### What to do
Every record below needs to be written out exactly, apart from the pictures.

### Available records

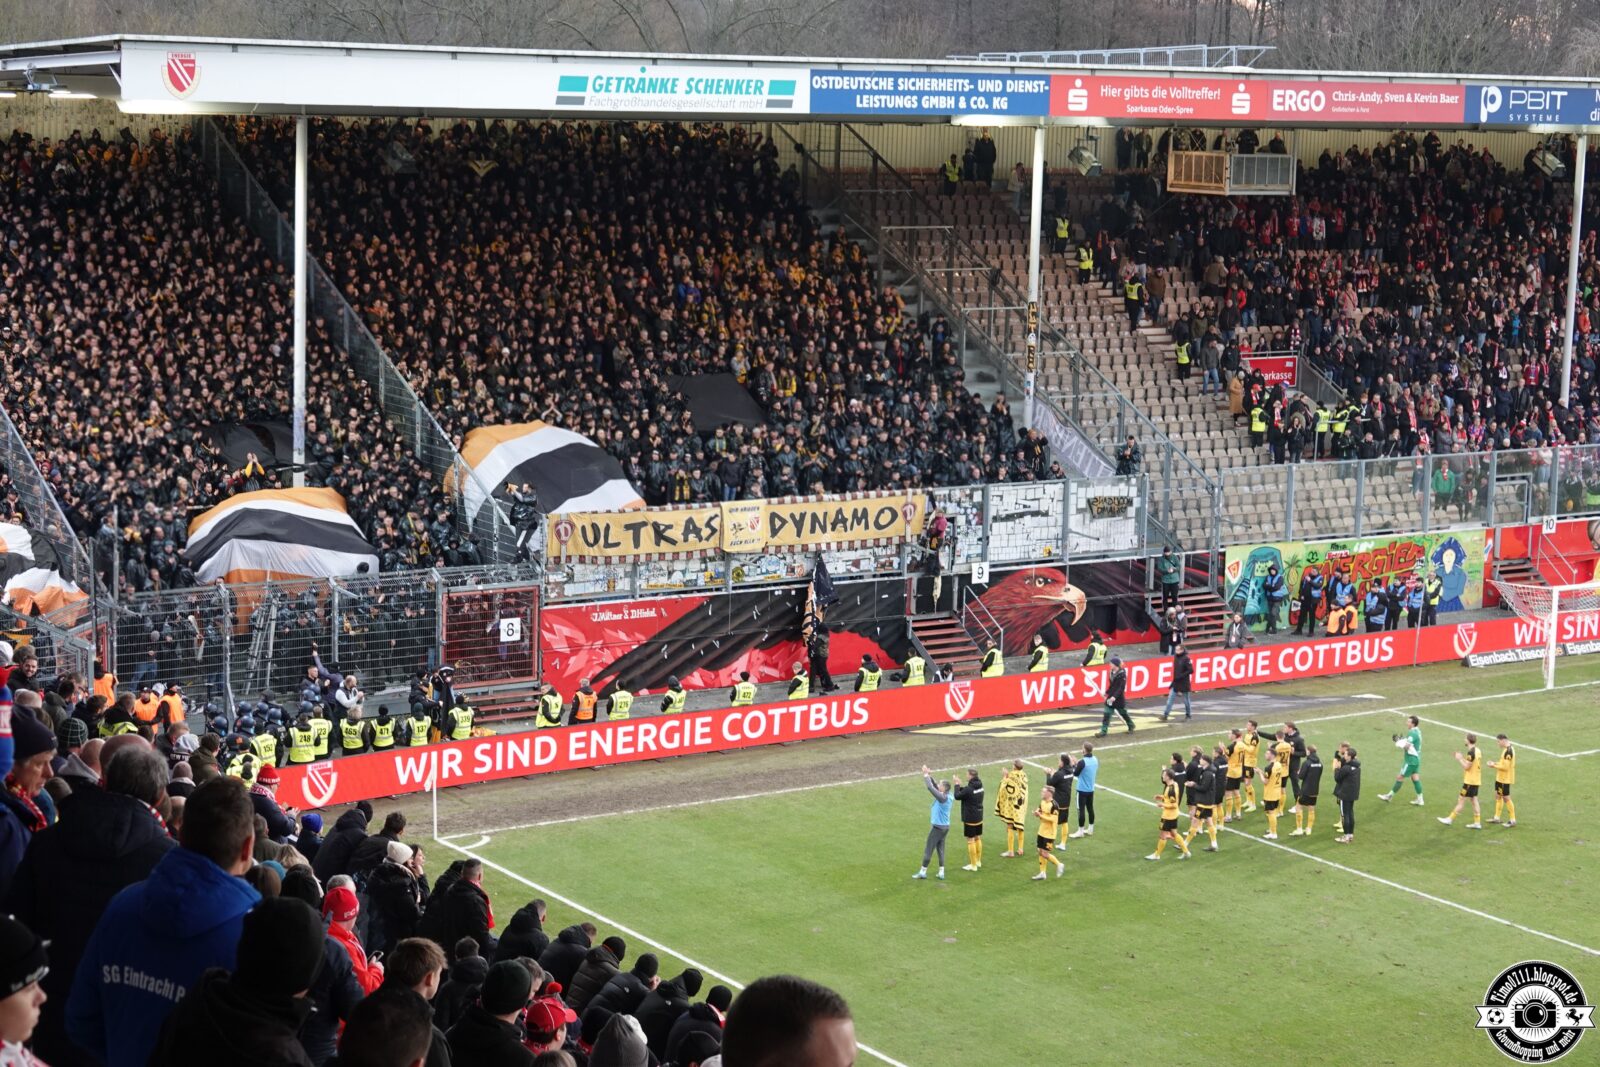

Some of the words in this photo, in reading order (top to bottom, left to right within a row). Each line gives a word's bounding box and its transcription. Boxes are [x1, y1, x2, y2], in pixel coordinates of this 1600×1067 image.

[684, 77, 764, 95] SCHENKER
[812, 75, 894, 91] OSTDEUTSCHE
[897, 78, 975, 92] SICHERHEITS-
[977, 80, 1002, 93] UND
[1006, 80, 1049, 93] DIENST-
[1100, 85, 1122, 98] Hier
[1124, 85, 1150, 101] gibts
[1152, 86, 1167, 99] die
[1169, 87, 1221, 100] Volltreffer!
[1272, 89, 1326, 112] ERGO
[1332, 90, 1383, 105] Chris-Andy,
[1384, 92, 1405, 103] Sven
[1405, 92, 1412, 103] &
[1414, 92, 1437, 104] Kevin
[1440, 93, 1459, 104] Baer
[1509, 89, 1568, 110] PBIT
[588, 94, 736, 109] Fachgroßhandelsgesellschaft
[739, 98, 763, 109] mbH
[856, 94, 918, 108] LEISTUNGS
[921, 95, 954, 109] GMBH
[958, 96, 967, 109] &
[970, 97, 989, 109] CO.
[992, 97, 1008, 110] KG
[1126, 104, 1158, 113] Sparkasse
[1159, 105, 1194, 115] Oder-Spree
[1509, 113, 1560, 122] SYSTEME
[1261, 370, 1293, 381] arkasse
[580, 513, 720, 550] ULTRAS
[769, 506, 899, 539] DYNAMO
[1544, 518, 1555, 530] 10
[976, 566, 984, 579] 9
[1469, 650, 1517, 667] Eisenbach
[1020, 674, 1076, 705] WIR
[1083, 664, 1150, 699] SID
[1157, 651, 1271, 690] EERGIE
[1278, 636, 1394, 673] COTTBUS
[344, 727, 357, 735] 465
[394, 748, 463, 785] WIR
[473, 736, 558, 774] SIND
[568, 716, 713, 762] ENERGIE
[722, 697, 870, 742] COTTBUS
[102, 964, 121, 984] SG
[123, 965, 176, 1000] Eintracht
[175, 985, 186, 1003] P

### Reply to the exercise
Some of the words in this photo, in reading order (top to bottom, left to right within a row). Each line gives a word's bounding box and its transcription. Boxes are [x1, y1, x2, y2], in pixel coordinates of this 1600×1067 image.

[684, 77, 764, 95] SCHENKER
[812, 75, 894, 91] OSTDEUTSCHE
[897, 78, 975, 92] SICHERHEITS-
[977, 80, 1002, 93] UND
[1006, 80, 1049, 93] DIENST-
[1100, 85, 1122, 98] Hier
[1124, 85, 1150, 101] gibts
[1152, 86, 1167, 99] die
[1169, 87, 1221, 100] Volltreffer!
[1272, 89, 1326, 112] ERGO
[1332, 90, 1383, 105] Chris-Andy,
[1384, 92, 1405, 103] Sven
[1405, 92, 1412, 103] &
[1414, 92, 1437, 104] Kevin
[1440, 93, 1459, 104] Baer
[1509, 89, 1568, 110] PBIT
[588, 94, 736, 109] Fachgroßhandelsgesellschaft
[739, 98, 763, 109] mbH
[856, 94, 918, 108] LEISTUNGS
[921, 95, 954, 109] GMBH
[958, 96, 967, 109] &
[970, 97, 989, 109] CO.
[992, 97, 1008, 110] KG
[1126, 104, 1158, 113] Sparkasse
[1159, 105, 1194, 115] Oder-Spree
[1509, 113, 1560, 122] SYSTEME
[1261, 370, 1293, 381] arkasse
[580, 513, 720, 550] ULTRAS
[769, 506, 899, 539] DYNAMO
[1544, 518, 1555, 530] 10
[976, 566, 984, 579] 9
[1469, 650, 1517, 667] Eisenbach
[1020, 674, 1076, 705] WIR
[1083, 664, 1150, 699] SID
[1157, 651, 1271, 690] EERGIE
[1278, 636, 1394, 673] COTTBUS
[344, 727, 357, 735] 465
[394, 748, 463, 785] WIR
[473, 736, 558, 774] SIND
[568, 716, 713, 762] ENERGIE
[722, 697, 870, 742] COTTBUS
[102, 964, 121, 984] SG
[123, 965, 176, 1000] Eintracht
[175, 985, 186, 1003] P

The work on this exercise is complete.